Making the code cleaner: What can be fixed in the Linux kernel
Surely many would like to try to change something in the Linux kernel for the better, but do not know where to start. I want to describe several problems that everyone can fix, and use an example to show the way from finding a problem to publishing its fix on the mailing list. In the course of the story, the reader will get acquainted with some auxiliary utilities.
From year to year, the same trivial problems wander from driver to driver, often associated with ignorance of some standard practices, utilities or extensions that exist in the Linux kernel.
Here is a short list of these kinds of problems:
Typos and typos in the documentation and comments are not uncommon. One person, namely Lucas De Marchi, developed a special codespell utility to catch such typos.

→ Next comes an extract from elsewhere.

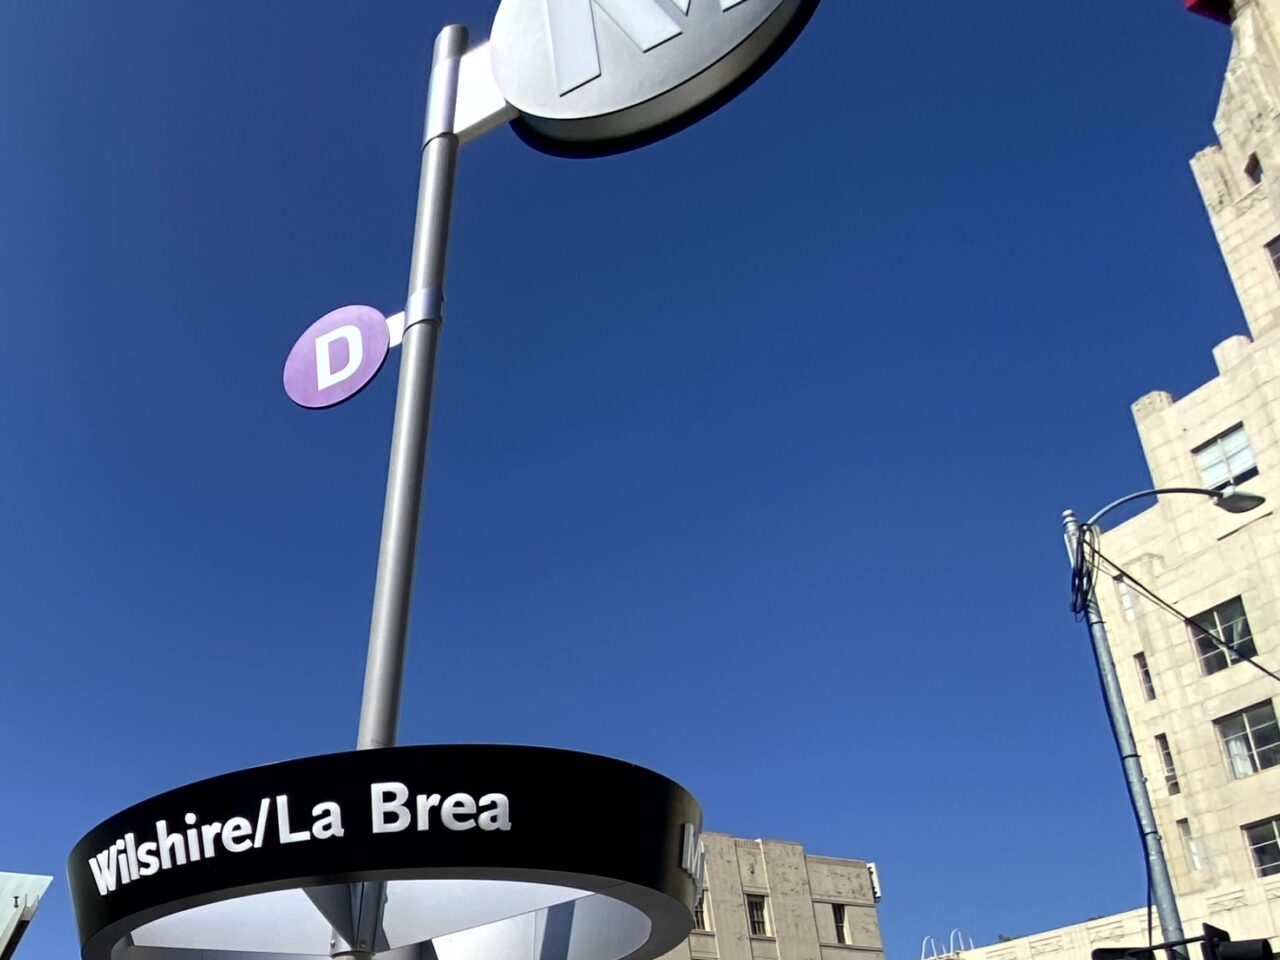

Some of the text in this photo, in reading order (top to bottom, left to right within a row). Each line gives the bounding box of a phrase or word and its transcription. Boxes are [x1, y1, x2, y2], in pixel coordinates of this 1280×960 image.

[314, 323, 364, 391] D
[88, 780, 512, 896] Wilshire/La Brea

The following example will tell everything about himself.
Clone the kernel:
Please note that we will work with the freshest, that is, with the linux-next tree.
We make a test run
Now fix:
We look at what happened:
Not so much a problem as an improvement in code readability and microoptimization: often a significant reduction in the amount of memory used on the stack when a function is called, a decrease in the number of passed specifiers in vsnprintf ().
Earlier, I described the special extensions of the% p specifier in the kernel; now it is the turn to apply the acquired knowledge.
For simplicity, take the
% 02x [-:]% 02x [-:]% 02x pattern . It allows you to find the transmission of several bytes through the stack, which can be replaced by the extension % * ph [CDN] .
Let's look in the code:
What we will do next, I will describe in the example below. In the meantime, we move on to the following problem areas.
Here, take, for example, drivers / staging / fbtft / fbtft-bus.c, lines 99-100:
pad is defined as u16 and can be in the range from 0 to 3, i.e. from 0 to 6 bytes. As we know, memset () is a terribly optimized function, especially on small sizes. Why not apply?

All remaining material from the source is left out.